# Problems getting replacement gas valve for Temco GC36-3N fireplace



## John Goodell (Nov 30, 2012)

The igniter works, but the local gas fireplace dealer says it needs a new gas valve since the valve is not responding to the signal to turn on the gas.  The dealer says the valve is not avaliable and we'll have to replace the whole unit ($4000-5000).  It seems like a replacement valve even if not the original could work. Does anyone know of a solution to this problem?


----------



## Heatsource (Nov 30, 2012)

what type of valve is it? maker and model


----------



## DAKSY (Nov 30, 2012)

John Goodell said:


> The igniter works, but the local gas fireplace dealer says it needs a new gas valve since the valve is not responding to the signal to turn on the gas. The dealer says the valve is not avaliable and we'll have to replace the whole unit ($4000-5000).
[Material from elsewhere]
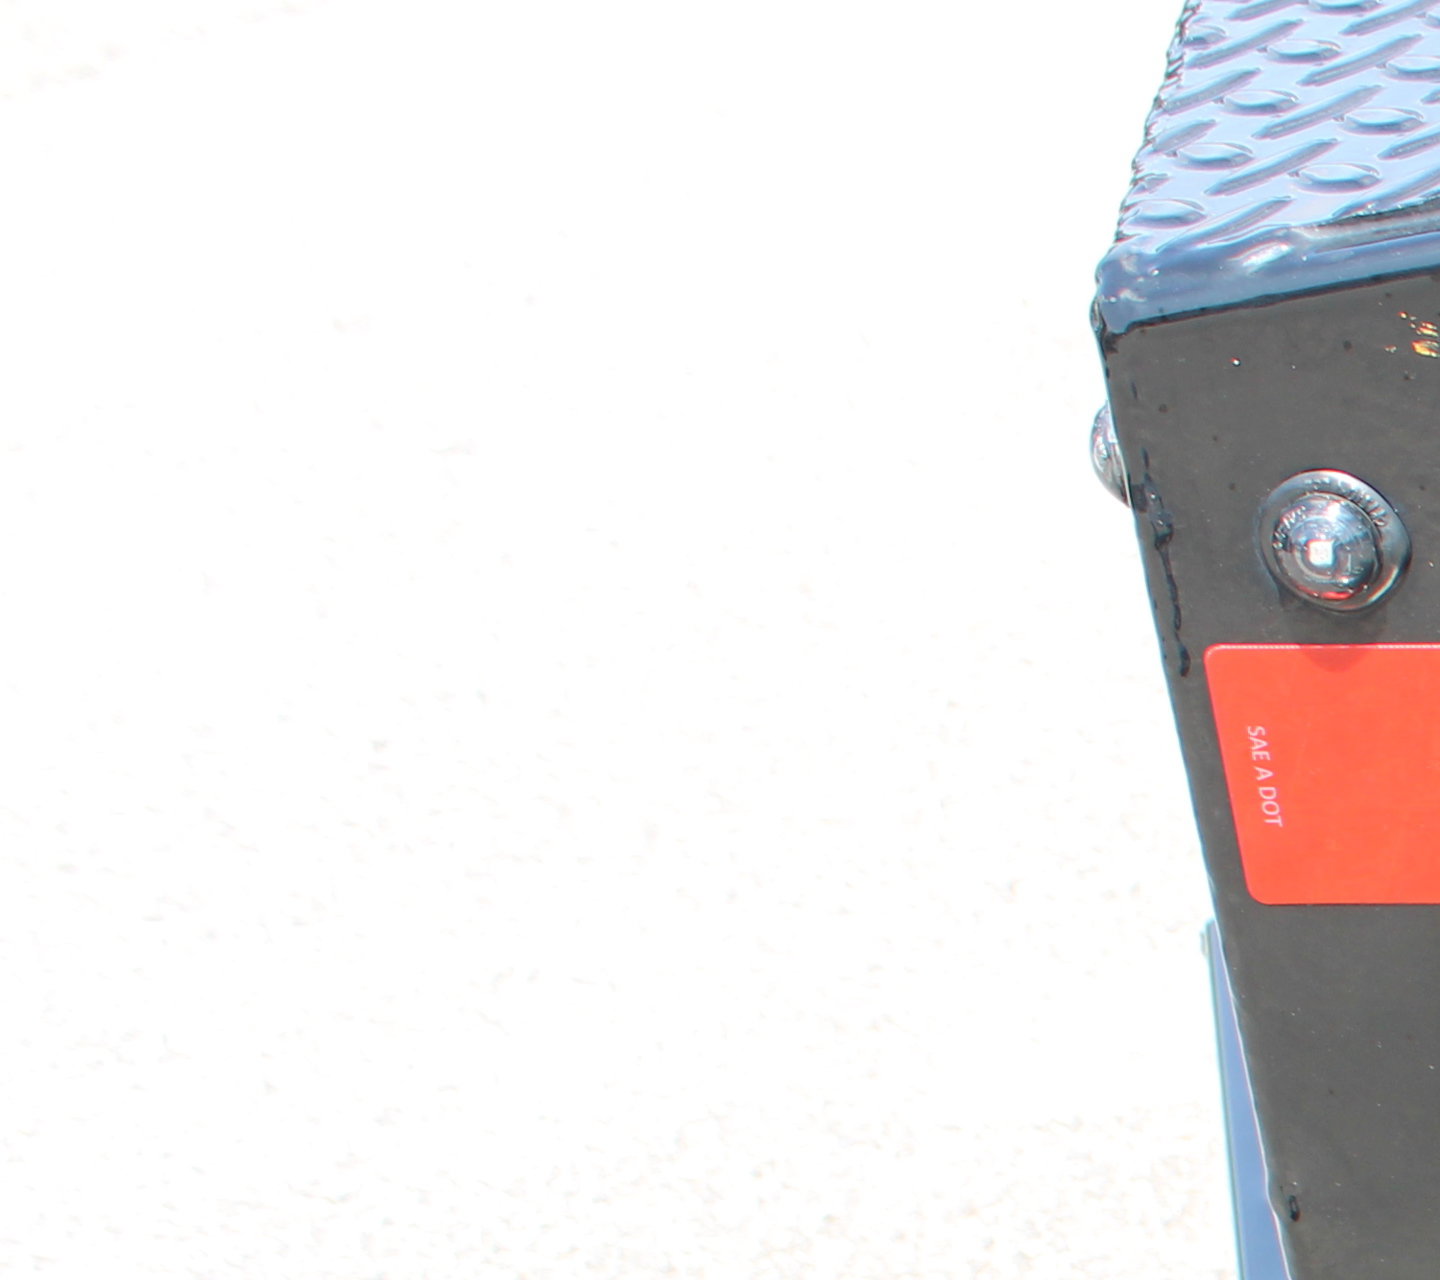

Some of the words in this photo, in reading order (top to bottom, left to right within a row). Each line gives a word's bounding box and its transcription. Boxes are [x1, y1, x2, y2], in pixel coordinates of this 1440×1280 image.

[1247, 725, 1271, 761] SAE
[1253, 765, 1275, 781] A
[1258, 786, 1284, 828] DOT
It seems like a replacement valve even if not the original could work. Does anyone know of a solution to this problem?


 
This a vented unit? TEMCO made a LOT of Un-vented products, including gas logs. My guess would be the ODS in the pilot body...To re-iterate what Dave said, we need the Valve make & model...


----------



## John Goodell (Nov 30, 2012)

A1Stoves.com said:


> what type of valve is it? maker and model


 
The tag on the gas line shows Dormont Mfg Co.  It shows two model #s, model #20 and model #1637N.  Thanks.


----------



## mygasfireplacerepair (Dec 2, 2012)

Dormont is the company that makes the appliance flex connector for your gas line.  The model should be written right on the underside of the main control valve itself.  It's most likely a Honeywell valve, and Honeywell stopped making fireplace control valves a few years ago.  That being said, you might be able to find one online on ebay or something but you would need the model number off the valve.


----------



## sticks (Dec 7, 2012)

Temco is known for their vent free but my guess would be B vent on this one. If you can post a picture we can probably at least figure out what brand of valve you have.


----------